WORK REQUIRED
Set the data down again, exactly as it reads, but without the pictures.

(EXERCISE MATERIAL Opens)

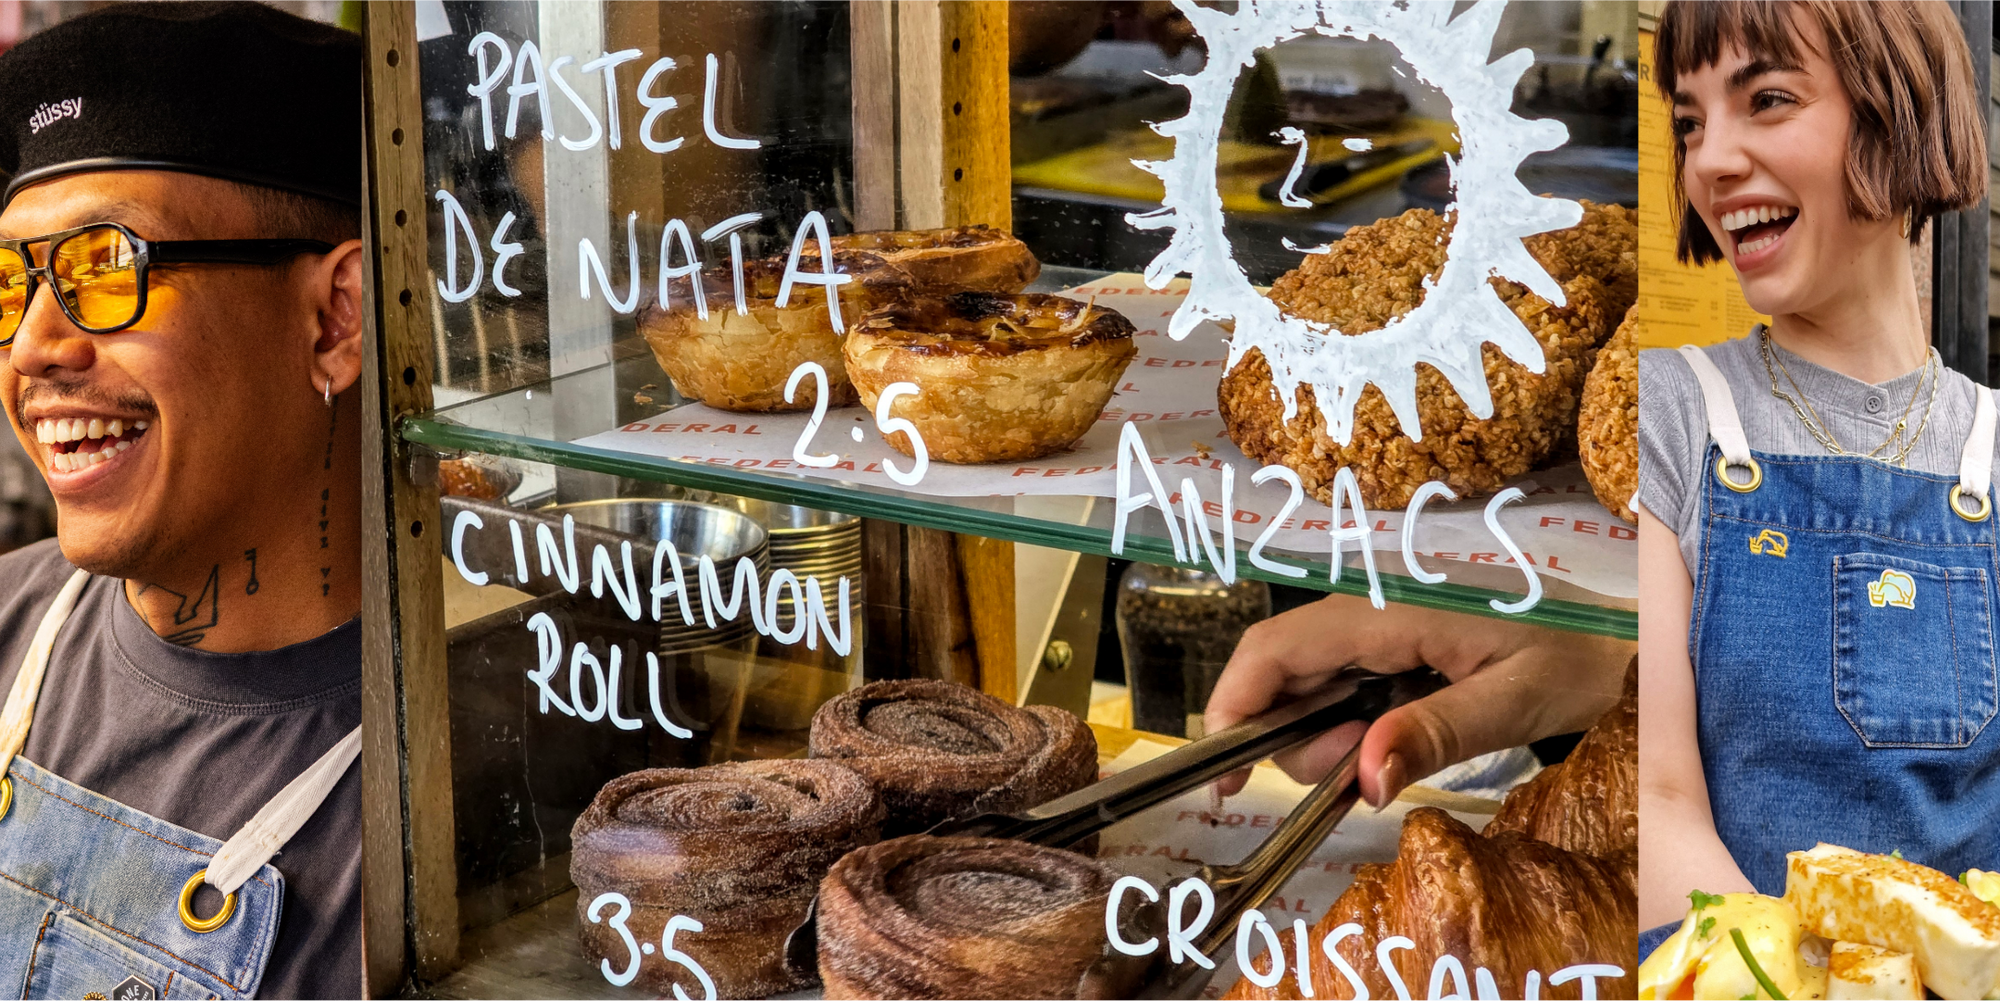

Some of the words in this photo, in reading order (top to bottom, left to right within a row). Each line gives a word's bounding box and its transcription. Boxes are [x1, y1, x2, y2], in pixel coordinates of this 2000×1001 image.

[29, 96, 82, 135] stüssy
[467, 31, 763, 153] PASTEL
[434, 190, 525, 303] DE
[578, 210, 853, 336] NATA
[451, 509, 852, 657] CINNAMON
[1111, 420, 1544, 614] ANZACS
[526, 611, 693, 739] ROLL
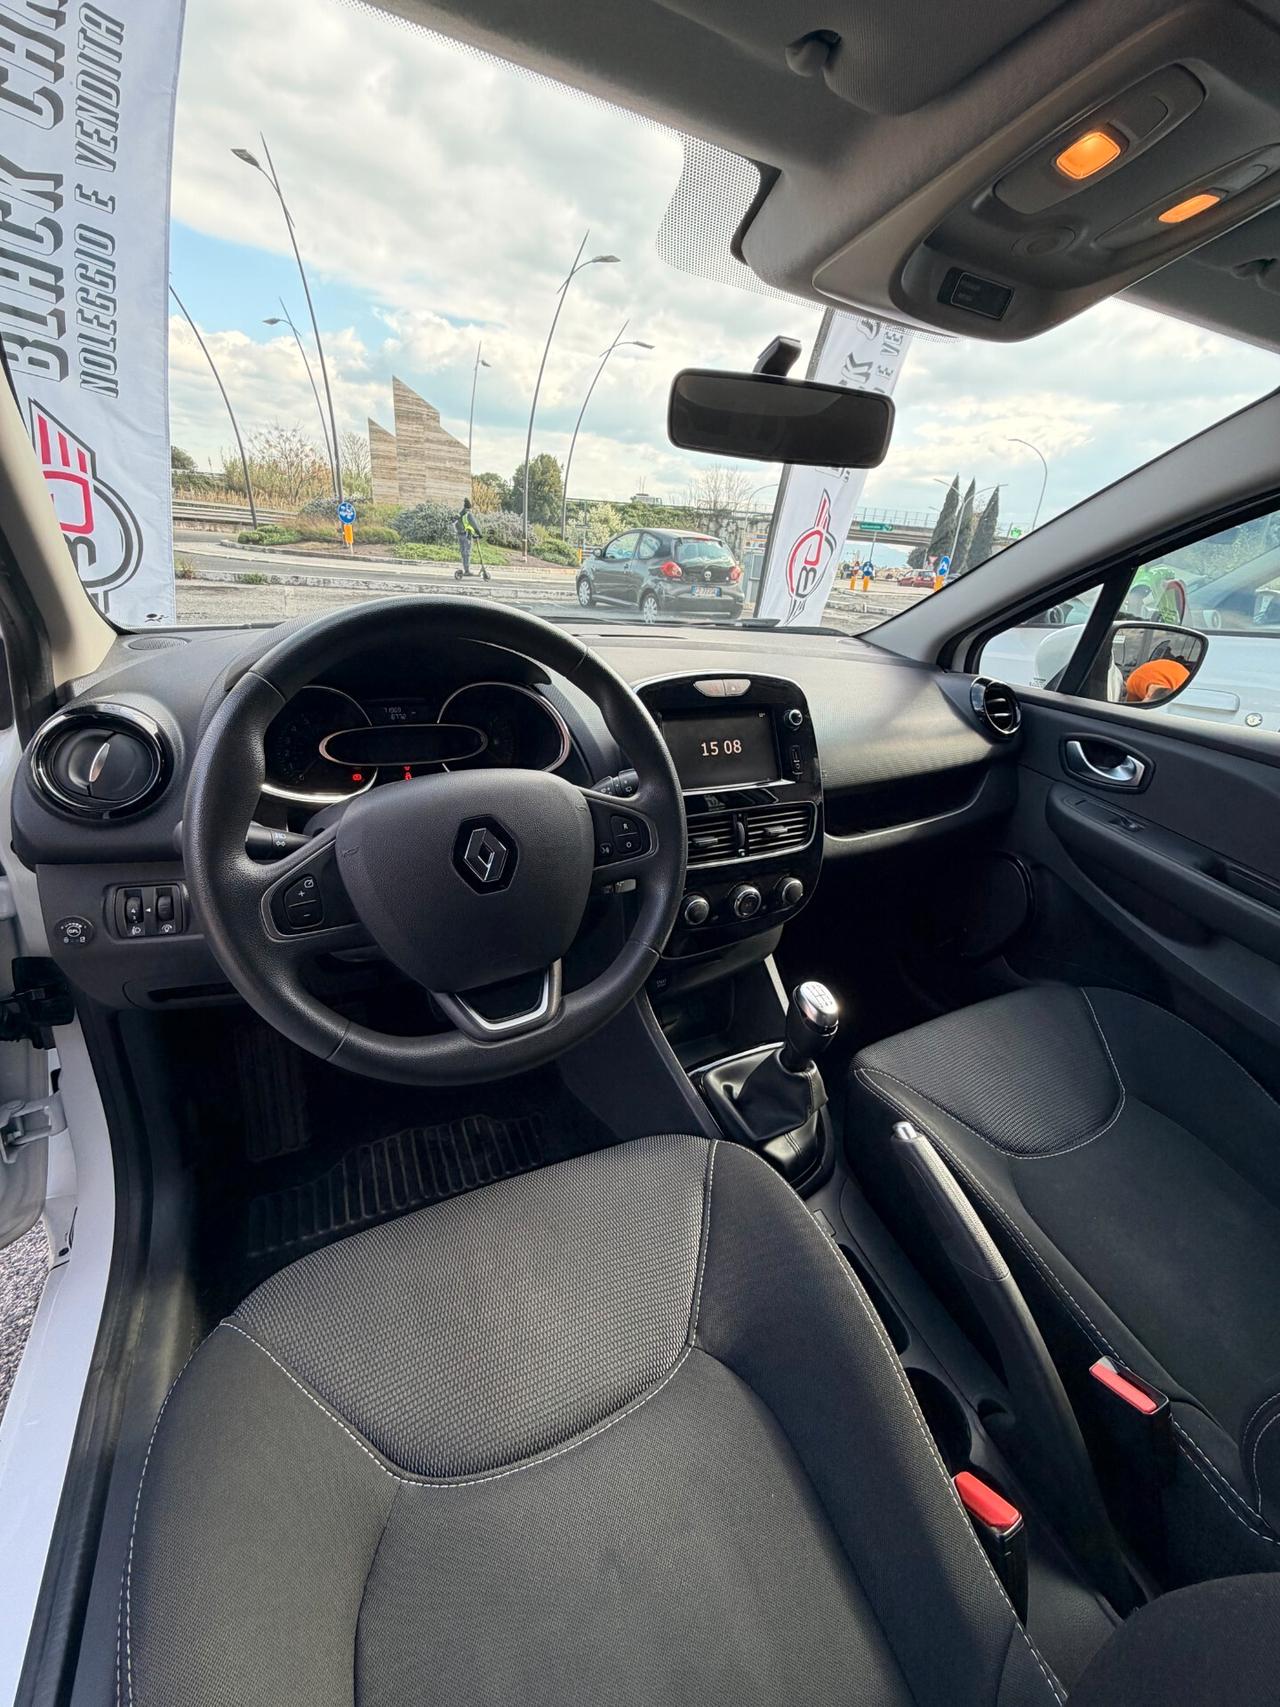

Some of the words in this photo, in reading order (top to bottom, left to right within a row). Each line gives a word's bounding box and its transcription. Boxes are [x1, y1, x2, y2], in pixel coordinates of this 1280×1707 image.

[75, 2, 124, 172] VENDITA
[0, 155, 68, 382] BLACK
[74, 184, 115, 214] E
[74, 223, 119, 399] NOLEGGIO
[701, 741, 719, 756] 15
[723, 739, 742, 754] 08
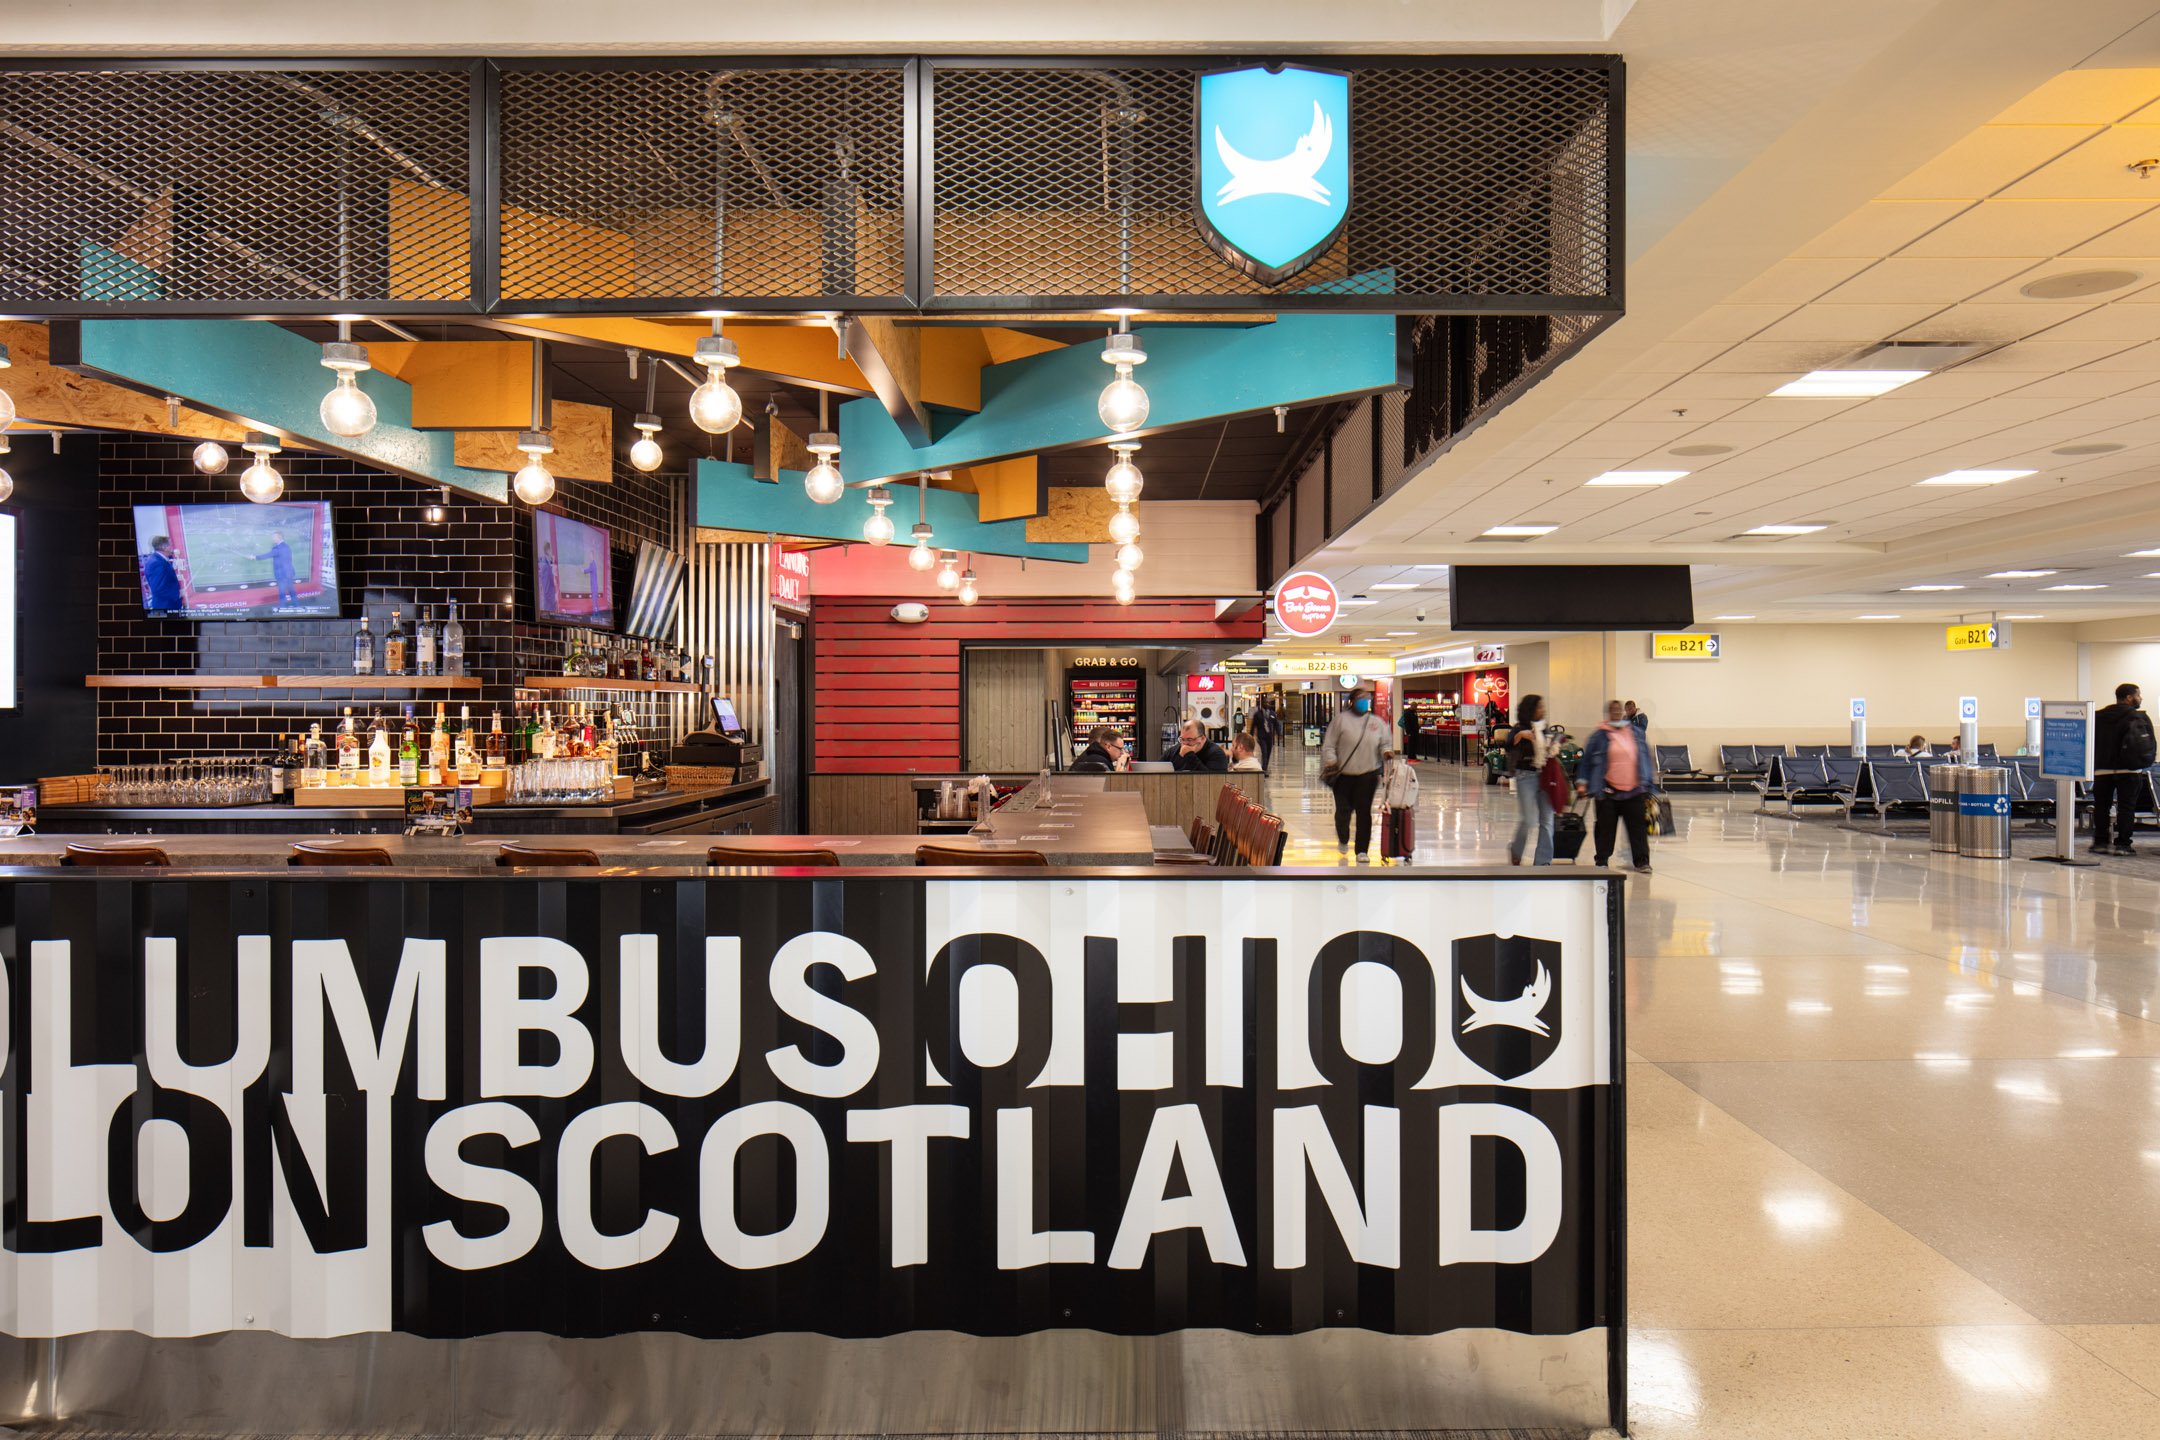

(EXERCISE MATERIAL Closes)

ANSWER SPACE
Some of the words in this photo, in reading order (top to bottom, left to right within a row). Each line gives a word's bounding box and its transcription. Boxes are [x1, y1, x2, y2], in pixel coordinates of this 2000×1001 image.

[29, 96, 82, 135] stüssy
[467, 31, 763, 153] PASTEL
[434, 190, 525, 303] DE
[578, 210, 853, 336] NATA
[451, 509, 852, 657] CINNAMON
[1111, 420, 1544, 614] ANZACS
[526, 611, 693, 739] ROLL

Some of the words in this photo, in reading order (top to bottom, left to right within a row). Each line gives a word's bounding box and its transcription. Boxes are [x1, y1, x2, y2], in pixel coordinates of this 1280×1707 image.

[75, 2, 124, 172] VENDITA
[0, 155, 68, 382] BLACK
[74, 184, 115, 214] E
[74, 223, 119, 399] NOLEGGIO
[701, 741, 719, 756] 15
[723, 739, 742, 754] 08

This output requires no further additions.